Effects of Prenatal Phenobarbital on Benzodiazepine Receptor Development

Phenobarbital (PB) was administered to pregnant mice during days 9–21 of gestation. Forebrain and cerebellar [ 3 H]flunitrazepam ([ 3 H]FLU) binding was assayed in the offspring at birth and at 21 days of age. Prenatal treatment produced a decrease in the number ( B max ) of [ 3 H]FLU receptors in both the forebrain and cerebellum at birth. A small decrease in the [ 3 H]FLU dissociation constant ( K D ) values in the forebrain was also detected at birth, but no changes were seen in the [ 3 H]FLU K D values in the cerebellum.
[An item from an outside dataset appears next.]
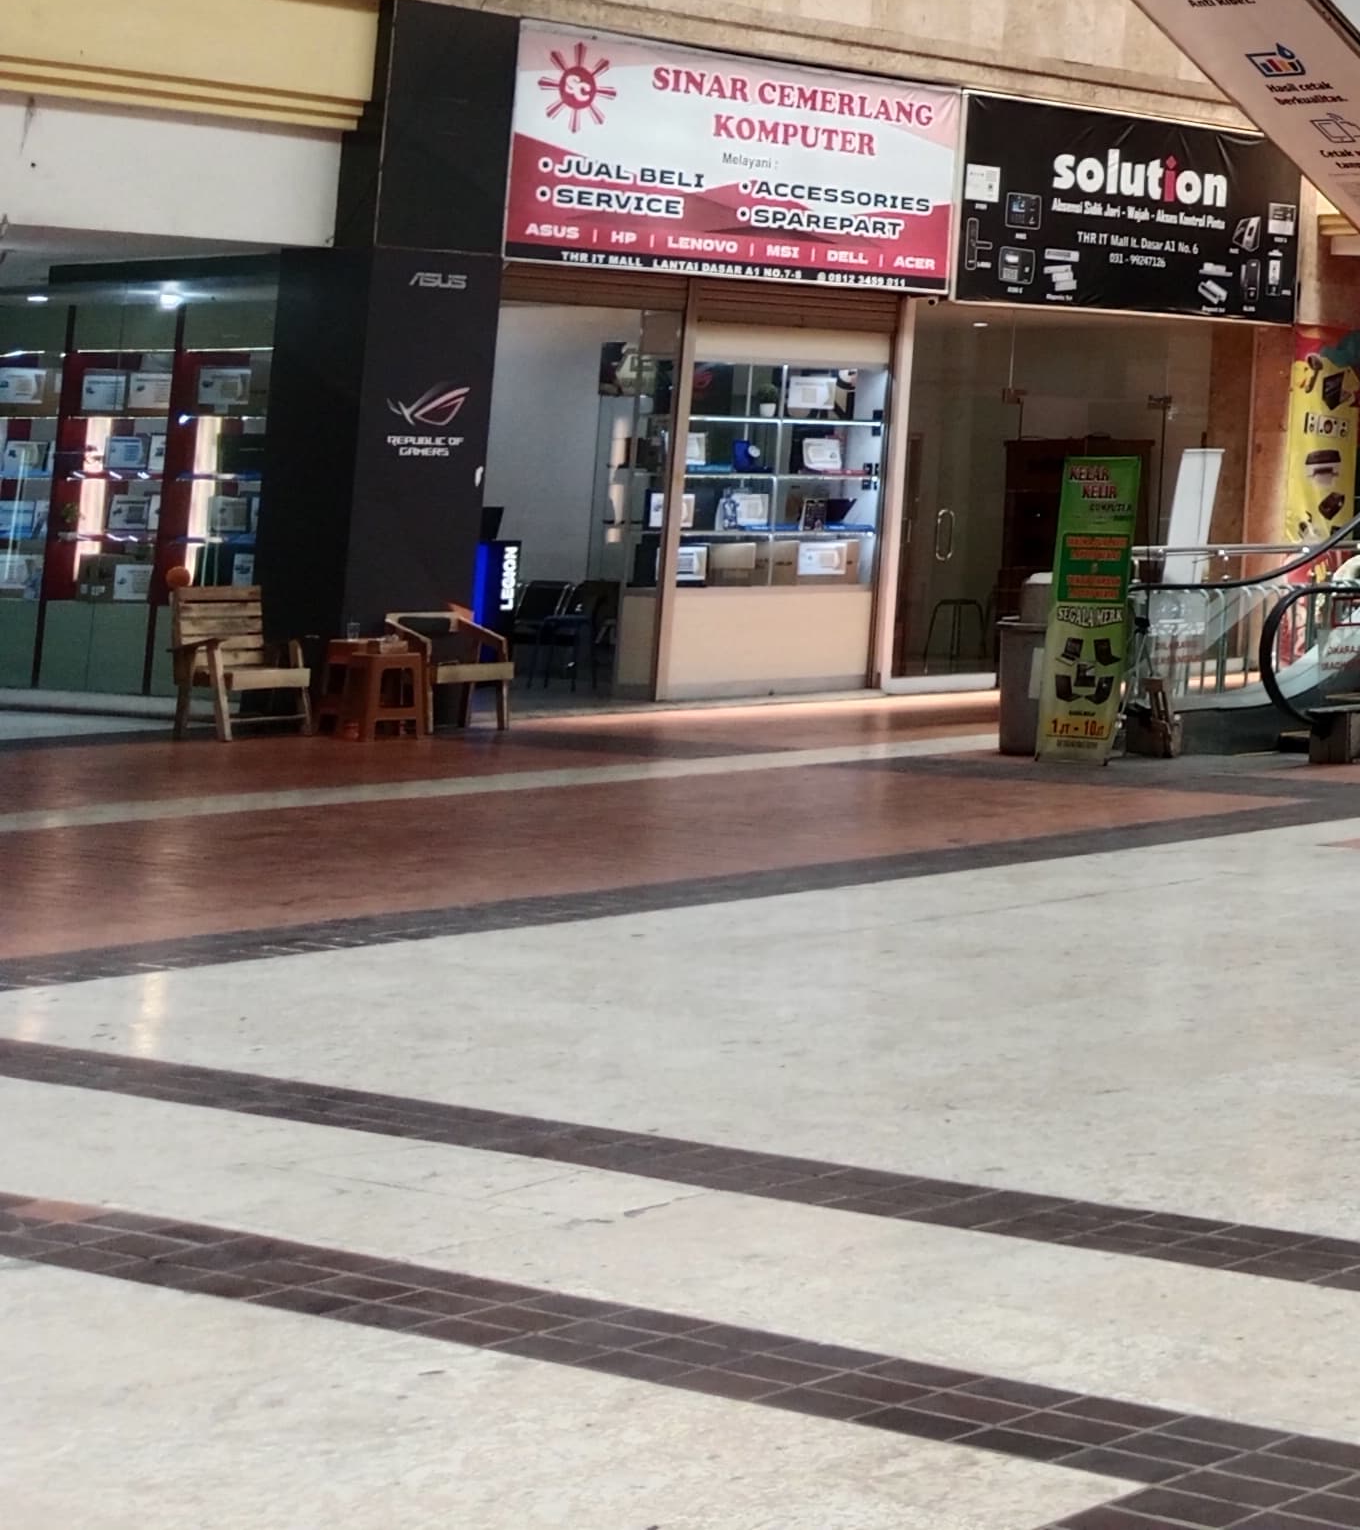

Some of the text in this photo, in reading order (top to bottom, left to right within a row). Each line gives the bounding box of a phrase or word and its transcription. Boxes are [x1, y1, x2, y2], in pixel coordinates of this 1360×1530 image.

No changes were observed in forebrain and cerebellar [ 3 H]FLU B max or K D values at 21 days of age, indicating that the effects of prenatal exposure to PB on [ 3 H]FLU binding are eliminated during the postnatal development of the forebrain and cerebellum. The receptor affinity for the triazolopyridazine CL 218,872, which distinguishes the type I and type II benzodiazepine (BDZ) receptors, was not altered by prenatal PB treatment. The coupling of the BDZ receptor to the γ‐aminobutyric acid and pentobarbital binding sites was unaffected by exposure to PB in utero.